Copy every entry below, exactly and in full.

(Stored entries)

▬▬▬▬▬▬

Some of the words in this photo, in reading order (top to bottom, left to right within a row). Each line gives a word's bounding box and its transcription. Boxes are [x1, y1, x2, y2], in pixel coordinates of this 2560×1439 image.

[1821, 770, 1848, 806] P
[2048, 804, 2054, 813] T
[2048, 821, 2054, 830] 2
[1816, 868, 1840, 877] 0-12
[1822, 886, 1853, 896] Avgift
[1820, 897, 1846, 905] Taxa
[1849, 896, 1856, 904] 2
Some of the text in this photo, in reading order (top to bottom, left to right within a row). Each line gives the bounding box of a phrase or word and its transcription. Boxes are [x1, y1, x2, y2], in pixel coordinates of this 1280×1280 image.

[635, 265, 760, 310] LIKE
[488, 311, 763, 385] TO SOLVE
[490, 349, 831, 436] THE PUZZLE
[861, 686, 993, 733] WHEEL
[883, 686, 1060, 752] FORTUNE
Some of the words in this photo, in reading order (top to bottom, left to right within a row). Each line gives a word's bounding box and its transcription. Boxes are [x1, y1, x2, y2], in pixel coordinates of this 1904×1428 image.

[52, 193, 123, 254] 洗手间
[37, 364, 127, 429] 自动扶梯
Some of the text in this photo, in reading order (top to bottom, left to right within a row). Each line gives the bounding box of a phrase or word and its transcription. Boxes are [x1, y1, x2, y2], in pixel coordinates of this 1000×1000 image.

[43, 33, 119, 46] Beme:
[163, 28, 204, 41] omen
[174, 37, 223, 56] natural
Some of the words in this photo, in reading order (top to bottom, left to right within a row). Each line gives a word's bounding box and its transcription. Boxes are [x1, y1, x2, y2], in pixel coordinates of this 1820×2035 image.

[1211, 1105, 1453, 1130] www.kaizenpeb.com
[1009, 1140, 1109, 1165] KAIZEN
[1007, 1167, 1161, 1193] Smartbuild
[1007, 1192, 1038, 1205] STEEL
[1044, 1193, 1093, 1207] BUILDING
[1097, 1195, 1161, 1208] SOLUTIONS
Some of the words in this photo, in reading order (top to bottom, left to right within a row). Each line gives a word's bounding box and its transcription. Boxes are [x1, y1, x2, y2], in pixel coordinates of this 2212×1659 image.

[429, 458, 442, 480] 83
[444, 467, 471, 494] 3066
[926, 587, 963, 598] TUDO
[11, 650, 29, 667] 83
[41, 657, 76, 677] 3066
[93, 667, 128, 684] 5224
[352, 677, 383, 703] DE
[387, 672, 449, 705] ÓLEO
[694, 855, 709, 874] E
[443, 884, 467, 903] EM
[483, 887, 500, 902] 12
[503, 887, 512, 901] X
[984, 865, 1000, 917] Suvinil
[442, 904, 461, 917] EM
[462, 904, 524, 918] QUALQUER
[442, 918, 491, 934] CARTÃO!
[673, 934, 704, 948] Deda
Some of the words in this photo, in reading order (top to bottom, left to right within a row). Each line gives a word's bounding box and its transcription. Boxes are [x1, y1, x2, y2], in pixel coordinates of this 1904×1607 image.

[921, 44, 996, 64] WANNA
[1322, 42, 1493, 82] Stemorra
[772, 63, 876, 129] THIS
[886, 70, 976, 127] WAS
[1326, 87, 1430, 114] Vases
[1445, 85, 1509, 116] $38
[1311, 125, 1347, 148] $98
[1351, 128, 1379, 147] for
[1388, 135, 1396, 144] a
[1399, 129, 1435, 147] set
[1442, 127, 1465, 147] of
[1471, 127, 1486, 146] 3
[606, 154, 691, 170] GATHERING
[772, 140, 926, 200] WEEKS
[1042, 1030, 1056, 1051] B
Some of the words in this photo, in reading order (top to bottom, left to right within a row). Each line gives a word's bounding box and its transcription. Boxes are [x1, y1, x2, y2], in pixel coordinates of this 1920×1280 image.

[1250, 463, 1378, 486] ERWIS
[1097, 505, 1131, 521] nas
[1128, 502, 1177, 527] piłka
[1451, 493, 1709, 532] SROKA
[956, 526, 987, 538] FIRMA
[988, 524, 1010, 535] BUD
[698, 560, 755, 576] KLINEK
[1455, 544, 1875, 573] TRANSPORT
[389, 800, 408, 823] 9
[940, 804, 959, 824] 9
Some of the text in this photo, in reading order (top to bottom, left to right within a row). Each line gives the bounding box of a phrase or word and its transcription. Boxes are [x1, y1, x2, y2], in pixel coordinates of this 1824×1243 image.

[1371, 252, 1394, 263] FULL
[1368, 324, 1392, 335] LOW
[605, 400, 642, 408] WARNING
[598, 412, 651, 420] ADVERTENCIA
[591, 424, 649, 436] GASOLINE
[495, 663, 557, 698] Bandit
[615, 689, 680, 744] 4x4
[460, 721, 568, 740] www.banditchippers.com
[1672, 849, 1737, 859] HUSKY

▬▬▬▬▬▬

** ANSWER BOX **
Some of the words in this photo, in reading order (top to bottom, left to right within a row). Each line gives a word's bounding box and its transcription. Boxes are [x1, y1, x2, y2], in pixel coordinates of this 2560×1439 image.

[1821, 770, 1848, 806] P
[2048, 804, 2054, 813] T
[2048, 821, 2054, 830] 2
[1816, 868, 1840, 877] 0-12
[1822, 886, 1853, 896] Avgift
[1820, 897, 1846, 905] Taxa
[1849, 896, 1856, 904] 2
Some of the text in this photo, in reading order (top to bottom, left to right within a row). Each line gives the bounding box of a phrase or word and its transcription. Boxes are [x1, y1, x2, y2], in pixel coordinates of this 1280×1280 image.

[635, 265, 760, 310] LIKE
[488, 311, 763, 385] TO SOLVE
[490, 349, 831, 436] THE PUZZLE
[861, 686, 993, 733] WHEEL
[883, 686, 1060, 752] FORTUNE
Some of the words in this photo, in reading order (top to bottom, left to right within a row). Each line gives a word's bounding box and its transcription. Boxes are [x1, y1, x2, y2], in pixel coordinates of this 1904×1428 image.

[52, 193, 123, 254] 洗手间
[37, 364, 127, 429] 自动扶梯
Some of the text in this photo, in reading order (top to bottom, left to right within a row). Each line gives the bounding box of a phrase or word and its transcription. Boxes are [x1, y1, x2, y2], in pixel coordinates of this 1000×1000 image.

[43, 33, 119, 46] Beme:
[163, 28, 204, 41] omen
[174, 37, 223, 56] natural
Some of the words in this photo, in reading order (top to bottom, left to right within a row). Each line gives a word's bounding box and its transcription. Boxes are [x1, y1, x2, y2], in pixel coordinates of this 1820×2035 image.

[1211, 1105, 1453, 1130] www.kaizenpeb.com
[1009, 1140, 1109, 1165] KAIZEN
[1007, 1167, 1161, 1193] Smartbuild
[1007, 1192, 1038, 1205] STEEL
[1044, 1193, 1093, 1207] BUILDING
[1097, 1195, 1161, 1208] SOLUTIONS
Some of the words in this photo, in reading order (top to bottom, left to right within a row). Each line gives a word's bounding box and its transcription. Boxes are [x1, y1, x2, y2], in pixel coordinates of this 2212×1659 image.

[429, 458, 442, 480] 83
[444, 467, 471, 494] 3066
[926, 587, 963, 598] TUDO
[11, 650, 29, 667] 83
[41, 657, 76, 677] 3066
[93, 667, 128, 684] 5224
[352, 677, 383, 703] DE
[387, 672, 449, 705] ÓLEO
[694, 855, 709, 874] E
[443, 884, 467, 903] EM
[483, 887, 500, 902] 12
[503, 887, 512, 901] X
[984, 865, 1000, 917] Suvinil
[442, 904, 461, 917] EM
[462, 904, 524, 918] QUALQUER
[442, 918, 491, 934] CARTÃO!
[673, 934, 704, 948] Deda
Some of the words in this photo, in reading order (top to bottom, left to right within a row). Each line gives a word's bounding box and its transcription. Boxes are [x1, y1, x2, y2], in pixel coordinates of this 1904×1607 image.

[921, 44, 996, 64] WANNA
[1322, 42, 1493, 82] Stemorra
[772, 63, 876, 129] THIS
[886, 70, 976, 127] WAS
[1326, 87, 1430, 114] Vases
[1445, 85, 1509, 116] $38
[1311, 125, 1347, 148] $98
[1351, 128, 1379, 147] for
[1388, 135, 1396, 144] a
[1399, 129, 1435, 147] set
[1442, 127, 1465, 147] of
[1471, 127, 1486, 146] 3
[606, 154, 691, 170] GATHERING
[772, 140, 926, 200] WEEKS
[1042, 1030, 1056, 1051] B
Some of the words in this photo, in reading order (top to bottom, left to right within a row). Each line gives a word's bounding box and its transcription. Boxes are [x1, y1, x2, y2], in pixel coordinates of this 1920×1280 image.

[1250, 463, 1378, 486] ERWIS
[1097, 505, 1131, 521] nas
[1128, 502, 1177, 527] piłka
[1451, 493, 1709, 532] SROKA
[956, 526, 987, 538] FIRMA
[988, 524, 1010, 535] BUD
[698, 560, 755, 576] KLINEK
[1455, 544, 1875, 573] TRANSPORT
[389, 800, 408, 823] 9
[940, 804, 959, 824] 9
Some of the text in this photo, in reading order (top to bottom, left to right within a row). Each line gives the bounding box of a phrase or word and its transcription. Boxes are [x1, y1, x2, y2], in pixel coordinates of this 1824×1243 image.

[1371, 252, 1394, 263] FULL
[1368, 324, 1392, 335] LOW
[605, 400, 642, 408] WARNING
[598, 412, 651, 420] ADVERTENCIA
[591, 424, 649, 436] GASOLINE
[495, 663, 557, 698] Bandit
[615, 689, 680, 744] 4x4
[460, 721, 568, 740] www.banditchippers.com
[1672, 849, 1737, 859] HUSKY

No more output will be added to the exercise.